PROBLEM DESCRIPTION
Without any of their pictures, return all of the records exactly.

(Dataset excerpts)
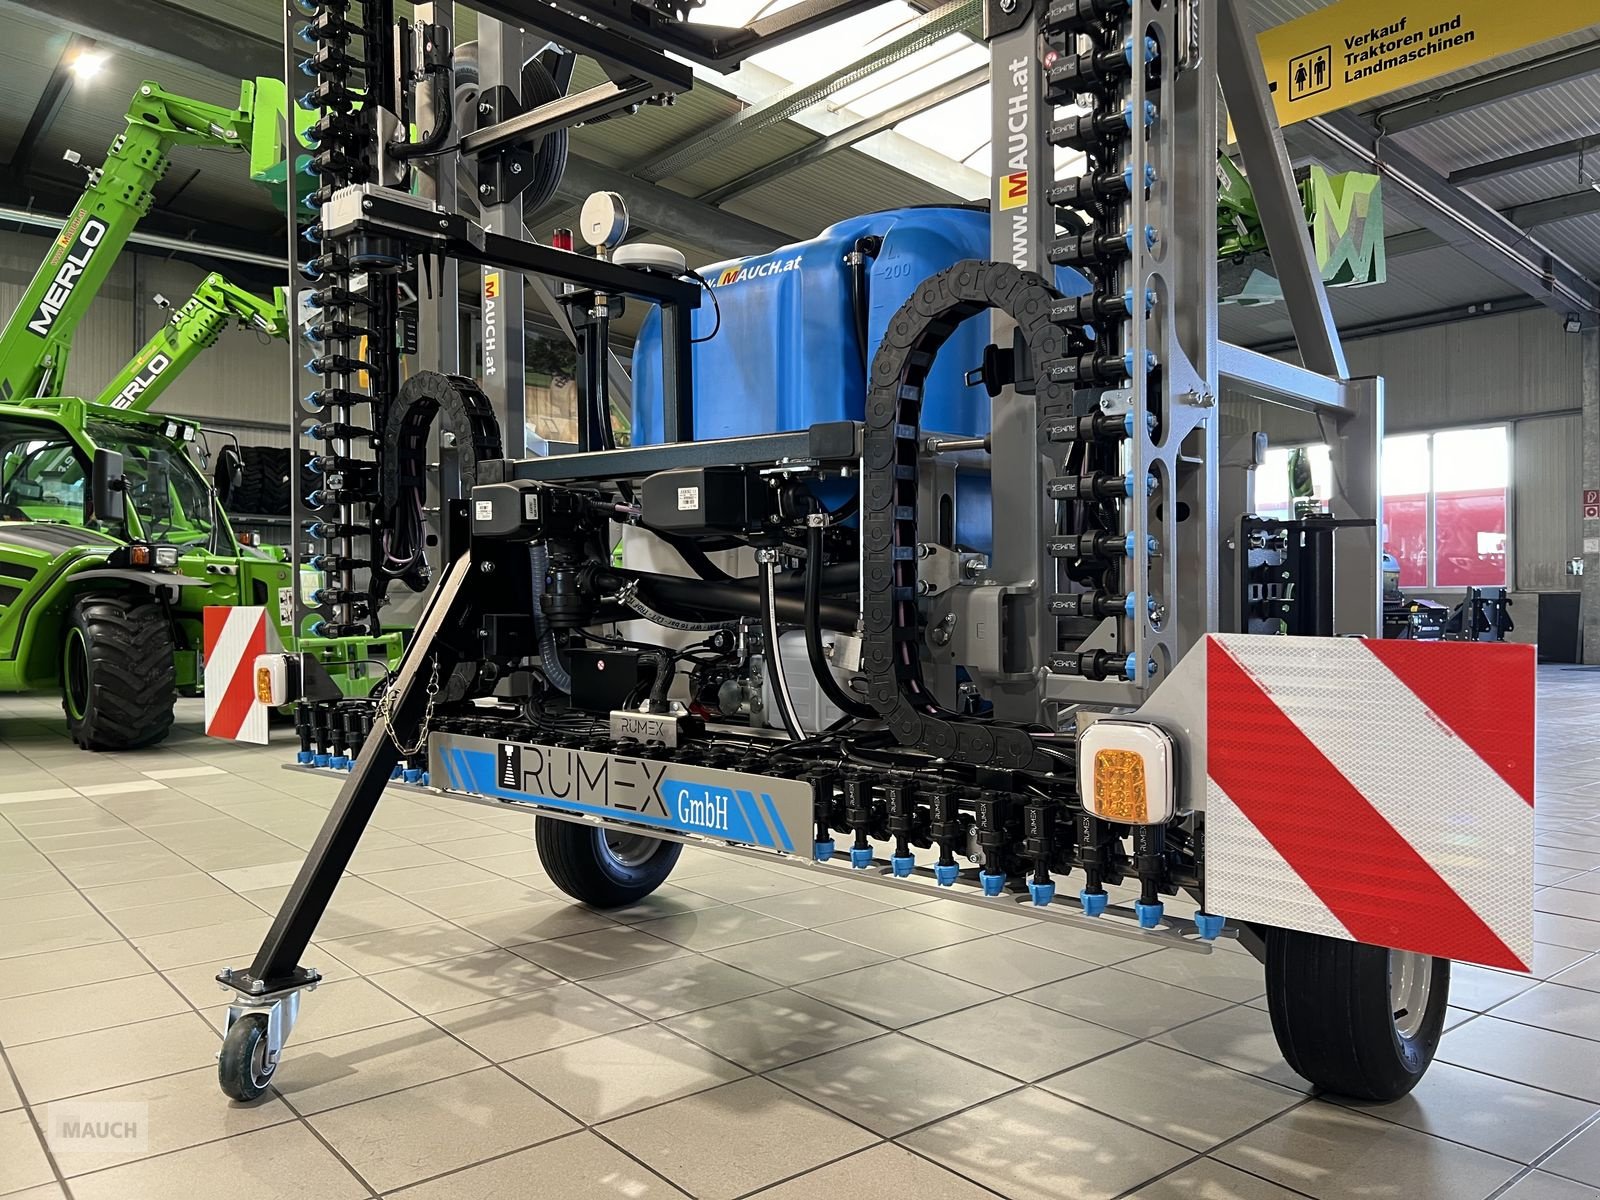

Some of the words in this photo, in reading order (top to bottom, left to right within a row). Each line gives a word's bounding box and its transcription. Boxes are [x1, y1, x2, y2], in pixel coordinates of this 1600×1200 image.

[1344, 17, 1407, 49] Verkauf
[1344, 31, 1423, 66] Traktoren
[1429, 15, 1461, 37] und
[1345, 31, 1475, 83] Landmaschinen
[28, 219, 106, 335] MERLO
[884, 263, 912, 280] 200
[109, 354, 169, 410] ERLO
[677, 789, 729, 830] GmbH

OUTPUT FOR THIS TASK
Some of the words in this photo, in reading order (top to bottom, left to right within a row). Each line gives a word's bounding box and its transcription. Boxes are [x1, y1, x2, y2], in pixel coordinates of this 1600×1200 image.

[1344, 17, 1407, 49] Verkauf
[1344, 31, 1423, 66] Traktoren
[1429, 15, 1461, 37] und
[1345, 31, 1475, 83] Landmaschinen
[28, 219, 106, 335] MERLO
[884, 263, 912, 280] 200
[109, 354, 169, 410] ERLO
[677, 789, 729, 830] GmbH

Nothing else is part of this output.